Desde entonces, la abadía marca el pulso espiritual de la ciudad. Los monjes viven según la regla de San Benito —'ora et labora', reza y trabaja— y esa segunda mitad del lema se volvió deliciosamente famosa: los licores, dulces, quesos y productos artesanales que elaboran para sostener el monasterio son un clásico que los visitantes se llevan por cajas. Los oficios con canto gregoriano en la iglesia abacial, abiertos al público, son una de las experiencias más serenas que ofrece el Litoral argentino. Más que un atractivo turístico, la Abadía del Niño Dios es el alma mansa de Victoria: un pedazo de la Europa monástica medieval trasplantado a las barrancas del Paraná hace más de 125 años.
Durante casi dos siglos, Victoria tuvo enfrente a una de las ciudades más grandes de la Argentina... y no podía llegar a ella. Rosario está a solo 60 kilómetros en línea recta, pero en el medio se interpone el delta del Paraná: un laberinto de islas, riachos y humedales que convertía el viaje entre ambas orillas en una odisea de balsas o en un rodeo de cientos de kilómetros por Paraná o Zárate.
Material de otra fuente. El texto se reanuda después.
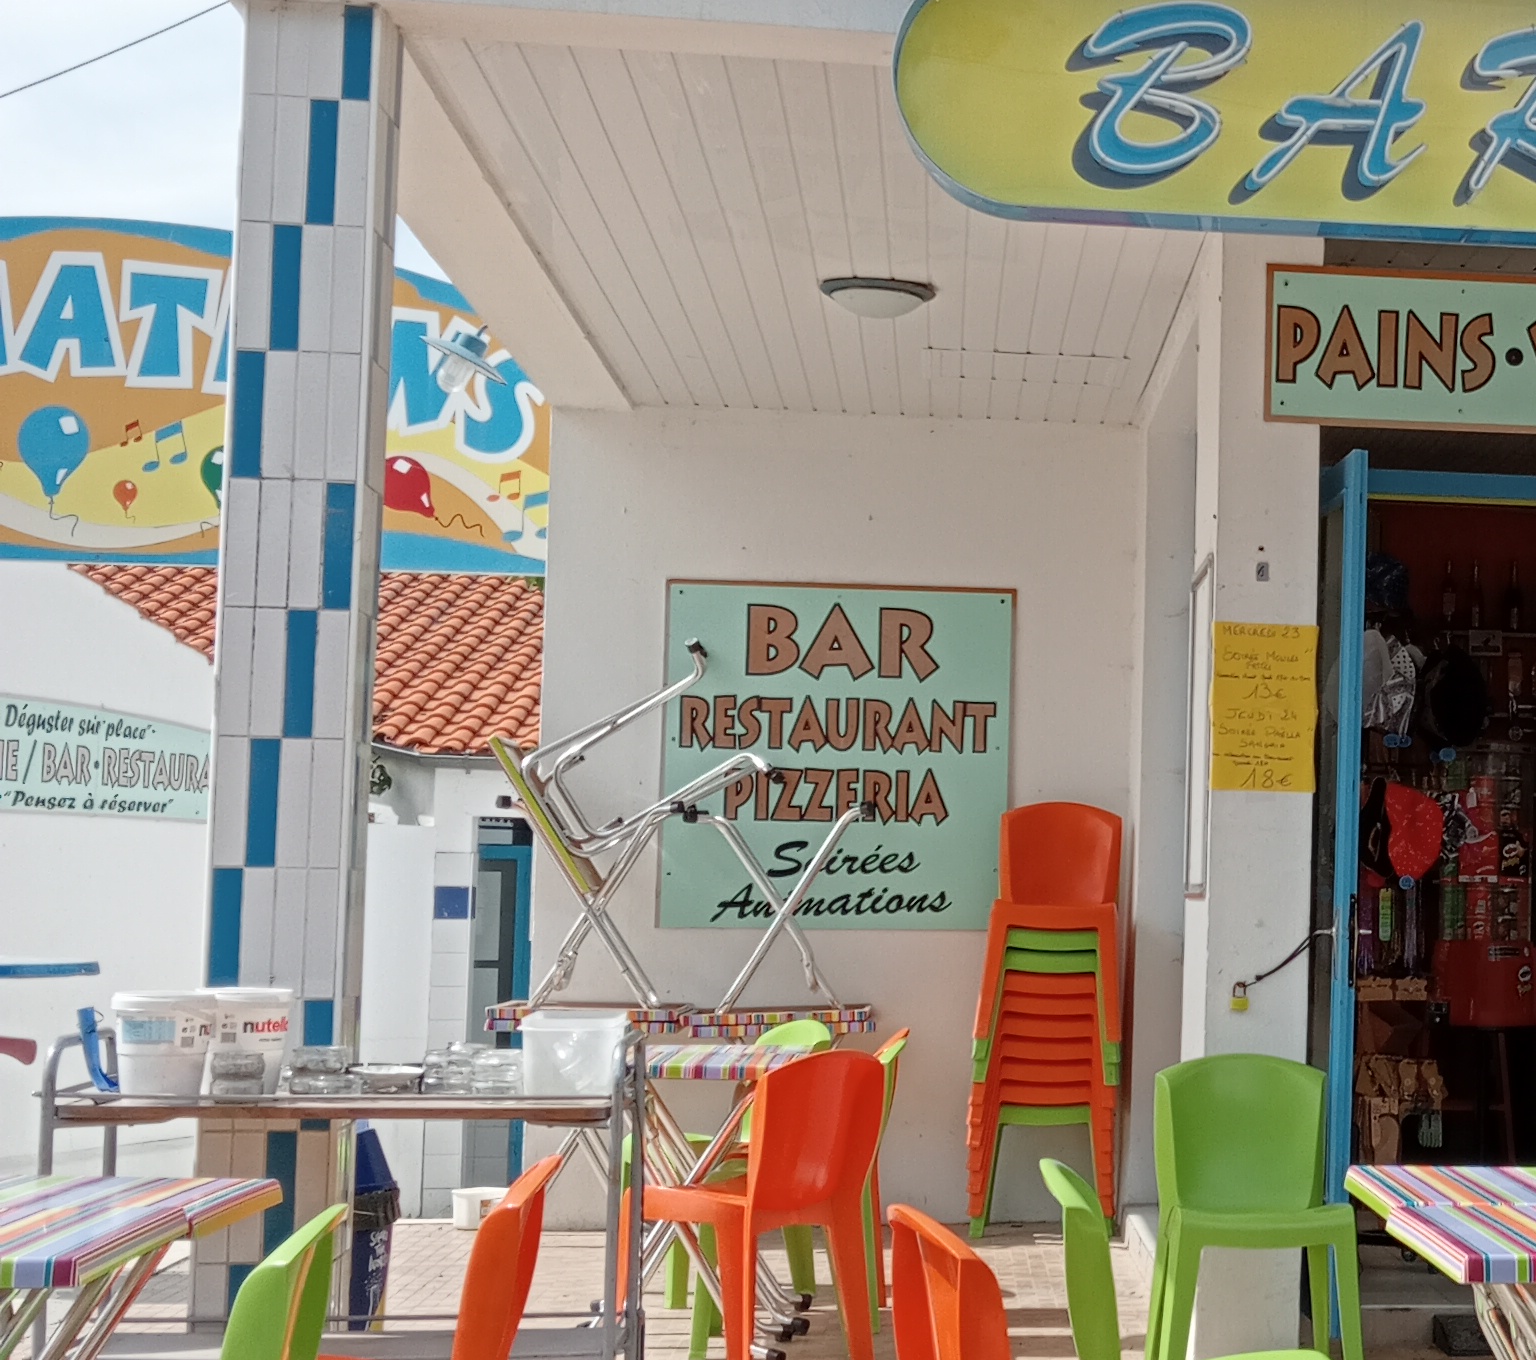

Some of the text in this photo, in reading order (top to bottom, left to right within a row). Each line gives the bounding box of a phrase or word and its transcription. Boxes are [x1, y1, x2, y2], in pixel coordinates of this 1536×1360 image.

El sueño de unirlas se discutió durante décadas, hasta que la obra monumental se concretó: el 22 de mayo de 2003 se inauguró la conexión vial Rosario–Victoria, casi 60 kilómetros de puentes y terraplenes sobre el delta, coronados por un elegante puente atirantado sobre el canal principal del Paraná.
Para Victoria fue un antes y un después. De la noche a la mañana, más de un millón de rosarinos quedaron a una hora de viaje, y la tranquila ciudad de las siete colinas se convirtió en su escapada favorita de fin de semana. El turismo floreció en todas sus formas: el hotel-casino frente al acceso, el parque termal Victoria del Agua, los paseos náuticos y la pesca en el delta, las posadas isleñas, la gastronomía de pescado de río. El desafío de las últimas décadas es equilibrar ese boom con el cuidado de los humedales —las quemas y la bajante histórica del Paraná pusieron el tema en agenda— y con la preservación del encanto pausado que hace única a Victoria: una ciudad que tardó dos siglos en ser descubierta y que, por suerte, todavía no se dejó cambiar del todo.